In April 2007, Appellee filed a motion for approval of its claims recommendations. Under Appellee’s recommendations, Appellants’ recovery against Caduceus was limited to Dr. Meriwether’s $250,000 policy limit. Appellants filed separate objections to Appellee’s motion based on their $2 million final judgments against Dr. Meriwether. In their objections, Appellants alleged that Caduceus acted in bad faith by failing to either settle their claims against Dr. Meriwether or provide a defense for the doctor.

In September 2007, Appellee moved for an order approving its recommendations on claims. After a brief hearing on Appellants’ claims objections, the trial court issued orders denying their objections.

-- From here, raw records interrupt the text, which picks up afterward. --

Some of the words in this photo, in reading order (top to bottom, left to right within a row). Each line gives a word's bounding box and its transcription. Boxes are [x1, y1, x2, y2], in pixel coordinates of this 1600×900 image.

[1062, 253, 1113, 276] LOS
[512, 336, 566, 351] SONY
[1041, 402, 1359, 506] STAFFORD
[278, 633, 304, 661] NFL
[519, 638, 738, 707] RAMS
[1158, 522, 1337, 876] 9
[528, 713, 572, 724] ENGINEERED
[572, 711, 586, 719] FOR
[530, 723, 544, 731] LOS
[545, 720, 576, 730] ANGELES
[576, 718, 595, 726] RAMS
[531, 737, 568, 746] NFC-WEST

The trial court rejected Appellants’ bad faith claims against Caduceus, noting that Caduceus did not have sufficient funds at the time Appellants were trying to settle their malpractice claims. Further, the trial court considered the timing of Appellants’ final judgments, which were not entered until years after Caduceus was placed in liquidation. The court further ruled that Caduceus was not acting in bad faith by voluntarily seeking liquidation under the Act.

Appellee then filed a motion for approval of the final claims report, the claims distribution report, the distribution accounting, and for an order authorizing distribution. Appellee also sought to reserve $4 million until Appellants’ claims were resolved on appeal. The trial court issued an order approving the motion, authorizing *772 the distribution, and reserving the disputed funds “until such time as the two claims are finally resolved.”

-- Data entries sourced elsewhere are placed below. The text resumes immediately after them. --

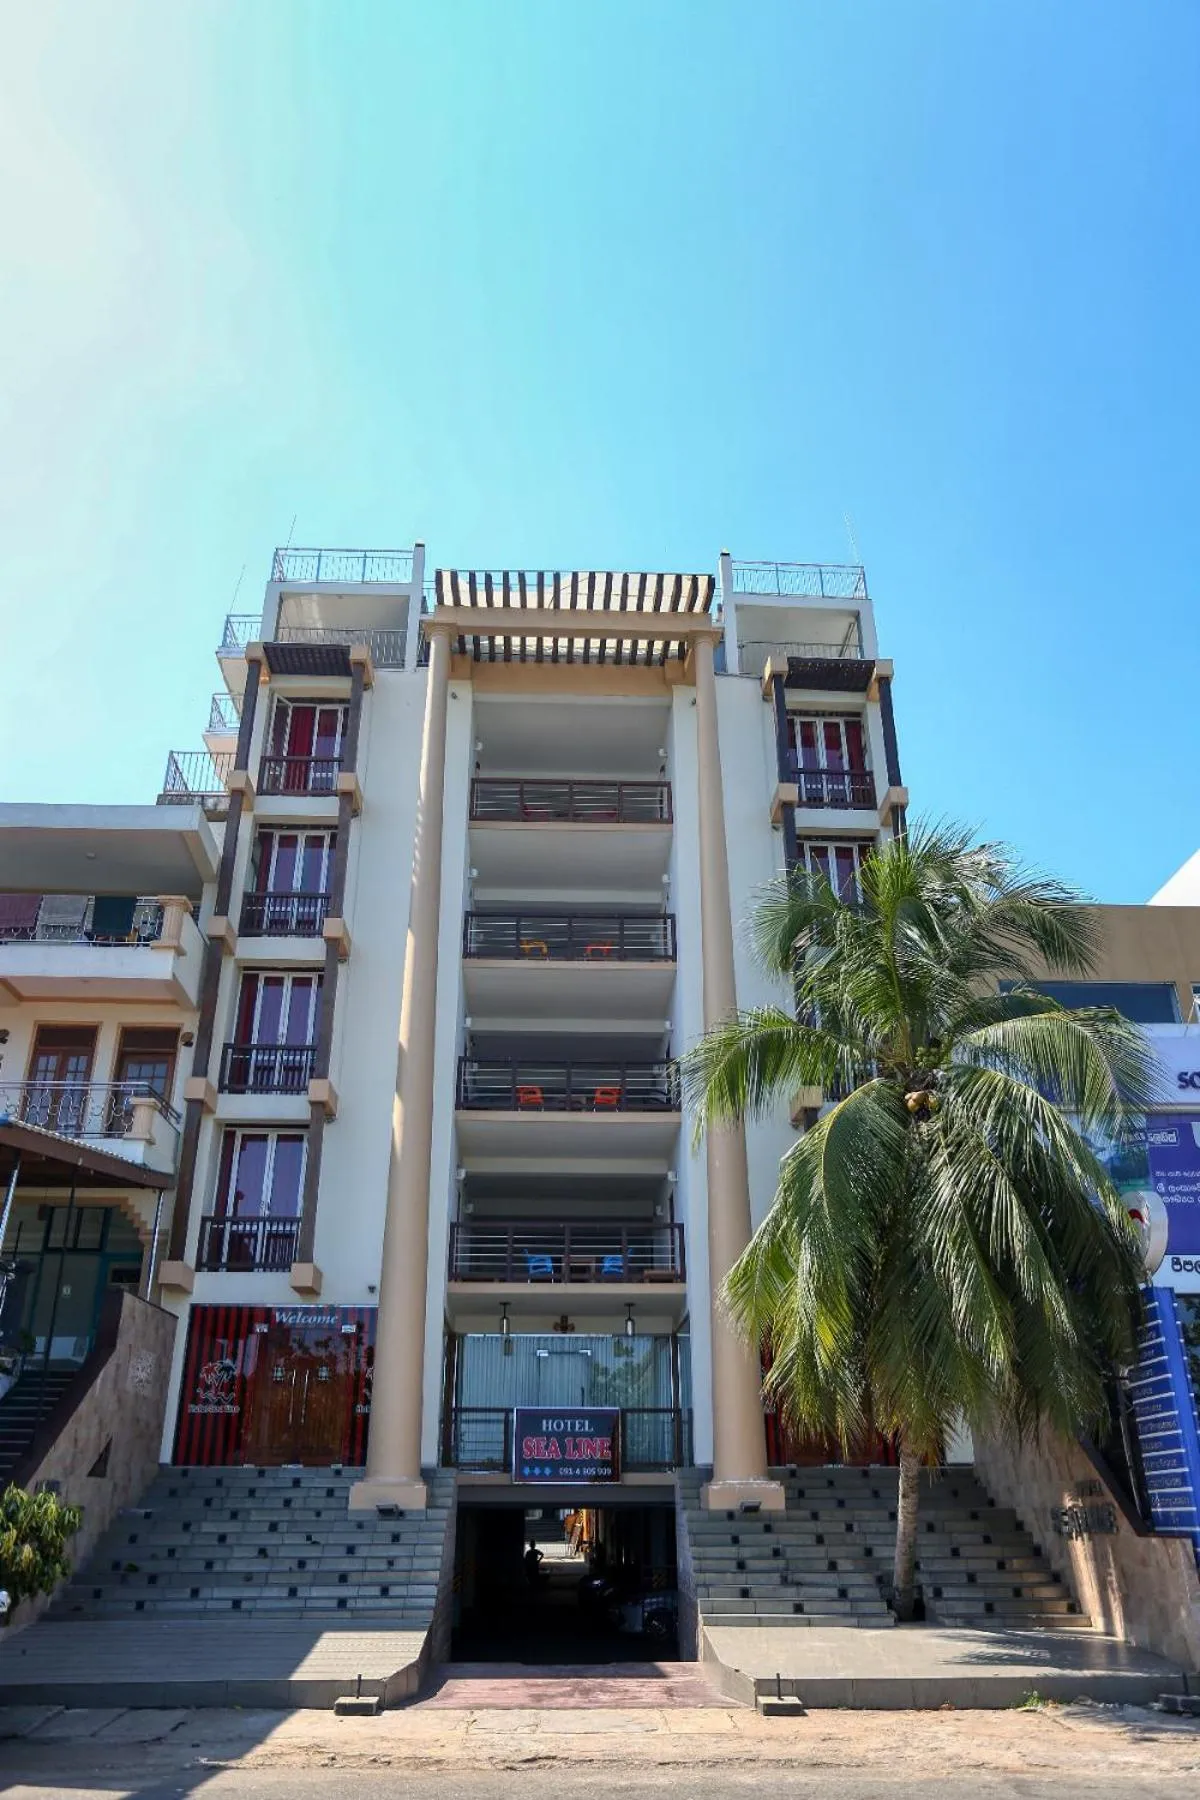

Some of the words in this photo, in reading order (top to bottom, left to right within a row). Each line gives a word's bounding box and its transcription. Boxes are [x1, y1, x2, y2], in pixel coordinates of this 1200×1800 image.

[275, 1311, 338, 1325] Welcome
[542, 1418, 594, 1433] HOTEL
[523, 1436, 561, 1460] SEA
[564, 1436, 612, 1460] LINE
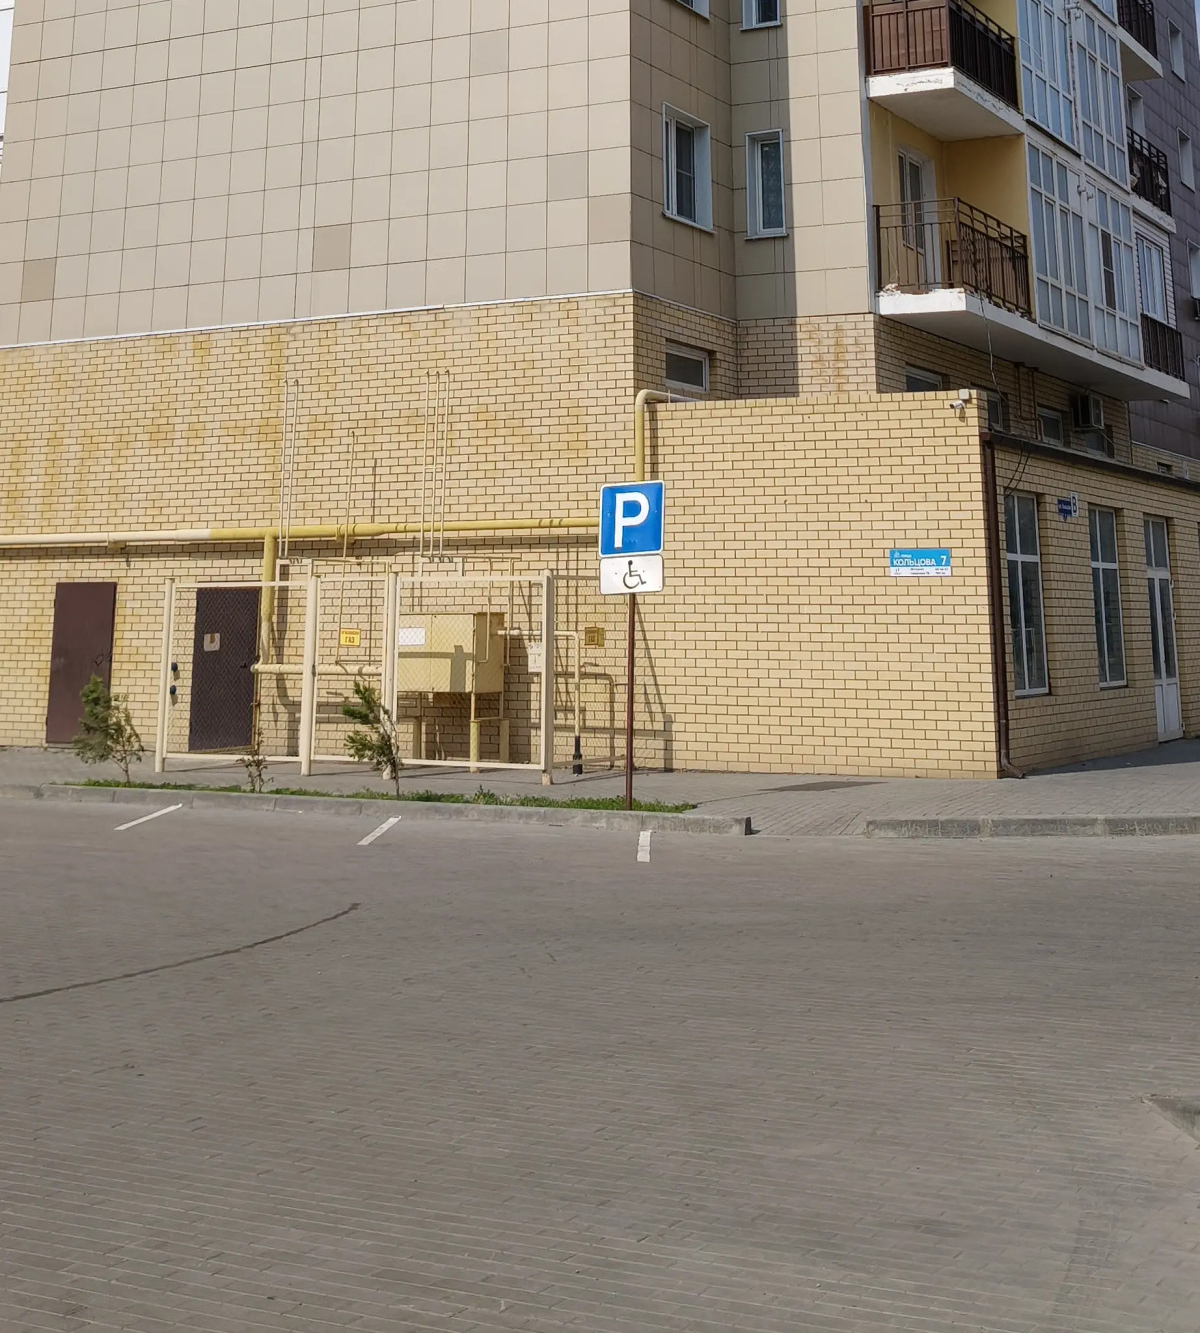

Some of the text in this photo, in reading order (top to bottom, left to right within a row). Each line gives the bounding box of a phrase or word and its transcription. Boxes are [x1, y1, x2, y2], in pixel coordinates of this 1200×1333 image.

[614, 491, 650, 549] P
[892, 555, 947, 567] КОЛЬЦОВА 7
[344, 636, 355, 644] ГАЗ

Appellants now bring this timely appeal of the order authorizing distribution. They assert that the trial court reversibly erred in disallowing the portion of their claims which exceeds Caduceus’ policy limits. In the alternative, they assert that the trial court should have awarded them monies beyond $250,000 to cover litigation costs, interest, and liens.

Analysis

Delinquency proceedings under chapter 631 are actions in equity. § 631.021(1), Fla. Stat. (2000). Accordingly, we review the trial court’s ruling on Appellants’ objections under the abuse of discretion standard. See, e.g., Bird Rd. Commercial Sites, Inc. v. Feldstein, 214 So.2d 658, 660 (Fla. 3d DCA 1968) (“[T]he findings of a court of equity come to an appellate court clothed with the presumption of correctness that requires a clear showing of abuse to be overturned.” (citing Prudential Ins. Co. of America v. Latham, 207 So.2d 733 (Fla. 3d DCA 1968))). We reject Appellants’ argument that the standard of review is de novo. Here, we do not address a pure question of law subject to the de novo standard of review. See D'Angelo v. Fitzmaurice, 863 So.2d 311, 314 (Fla.2003) (citing Armstrong v. Harris, 773 So.2d 7 (Fla.2000)). Rather, we address the trial court’s exercise of discretion under the Act.

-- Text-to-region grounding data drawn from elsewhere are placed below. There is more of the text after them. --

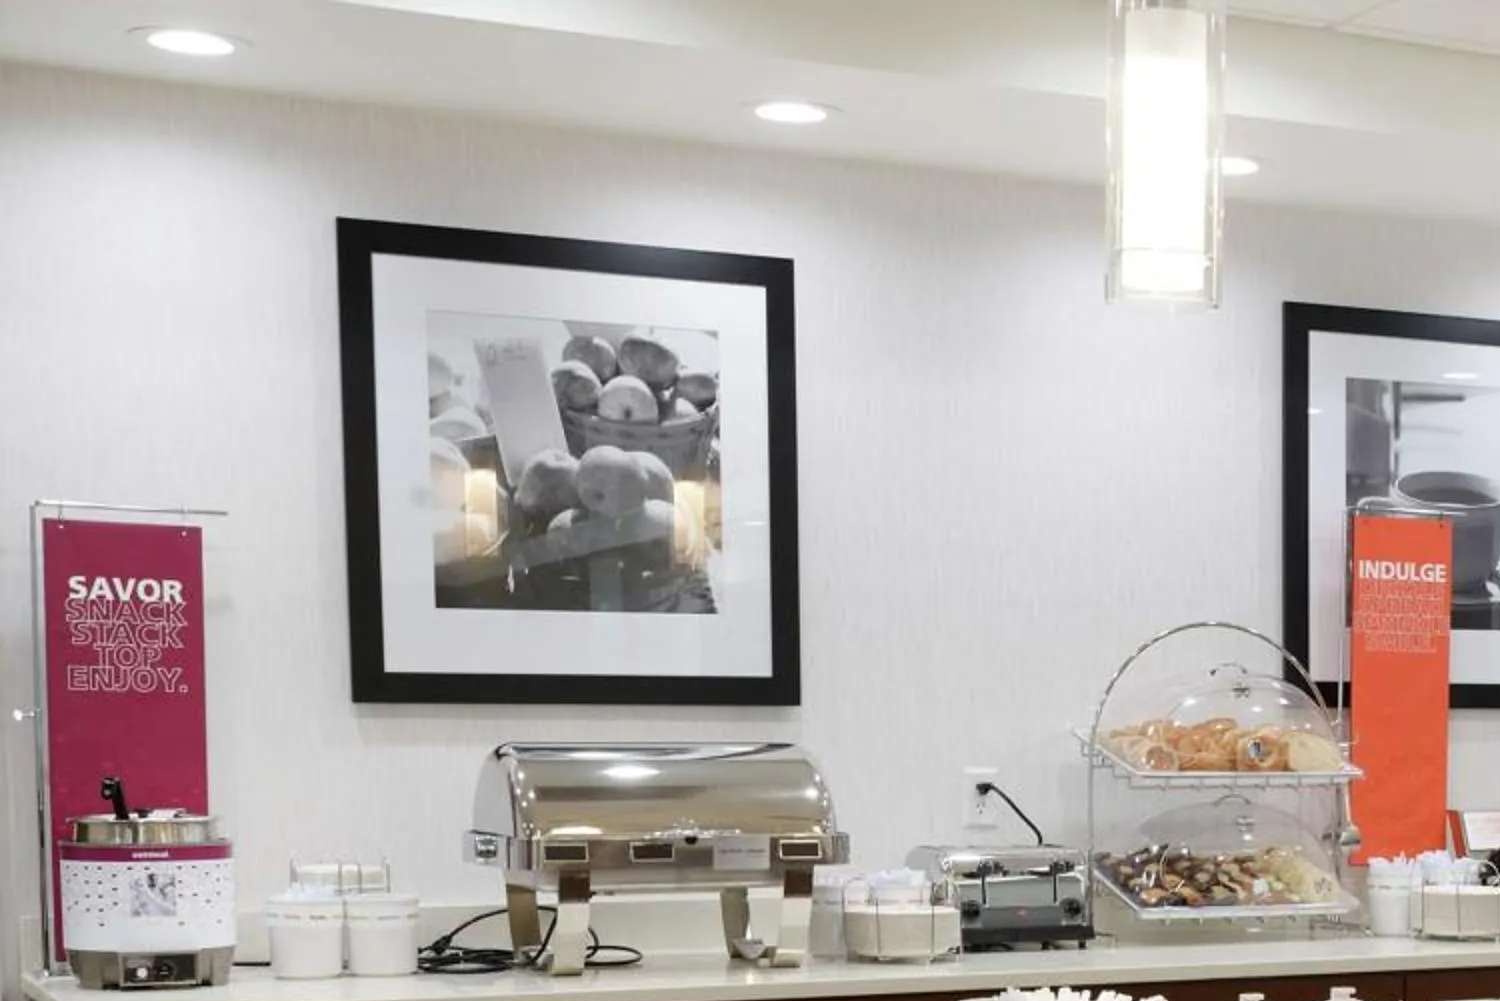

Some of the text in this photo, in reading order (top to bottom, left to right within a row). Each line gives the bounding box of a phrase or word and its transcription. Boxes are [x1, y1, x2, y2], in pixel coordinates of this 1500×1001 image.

[1359, 559, 1447, 582] INDULGE
[67, 575, 183, 602] SAVOR
[64, 598, 188, 626] SNACK
[71, 620, 184, 648] STACK
[93, 643, 162, 669] TOP
[67, 664, 188, 693] ENJOY.

In applying the abuse of discretion standard, we evaluate whether the trial court’s decision is “arbitrary, fanciful, or unreasonable.... If reasonable men could differ as to the propriety of the action taken by the trial court, then it cannot be said that the trial court abused its discretion.” Canakaris v. Canakaris, 382 So.2d 1197, 1203 (Fla.1980) (quoting Delno v. Market St. Ry. Co., 124 F.2d 965, 967 (9th Cir.1942)).

On appeal, Appellants argue that they should have recovered the entirety of their $2 million final judgments because Caduceus acted in bad faith before the start of proceedings under the Act. 1 In contrast, Appellee asserts that the Act prohibits claims in excess of policy limits when neither an excess judgment nor a determination of bad faith is obtained before a company’s liquidation under the Act. In essence, we reject both arguments.

The relevant provisions of the Act are as follows:

(1) As soon as it has evaluated claims filed in the delinquency proceeding, the receiver shall report the claims to the circuit court, specifying in the report its recommendations with respect to the actions to be taken thereon. Upon receipt of the report, the court shall enter an order approving the claims so reported, unless an objection is filed thereto .... The receiver shall resolve objections to the satisfaction of the claimant or schedule a hearing before the court on objections filed to its report....
(2) At the hearing, any interested person is entitled to appear. The hearing shall not be de novo but shall be limited to the record as described in s. 631.181(2). The court shall enter an order allowing, allowing in part, or disal *773 lowing the claim. Any such order is deemed to be an appealable order.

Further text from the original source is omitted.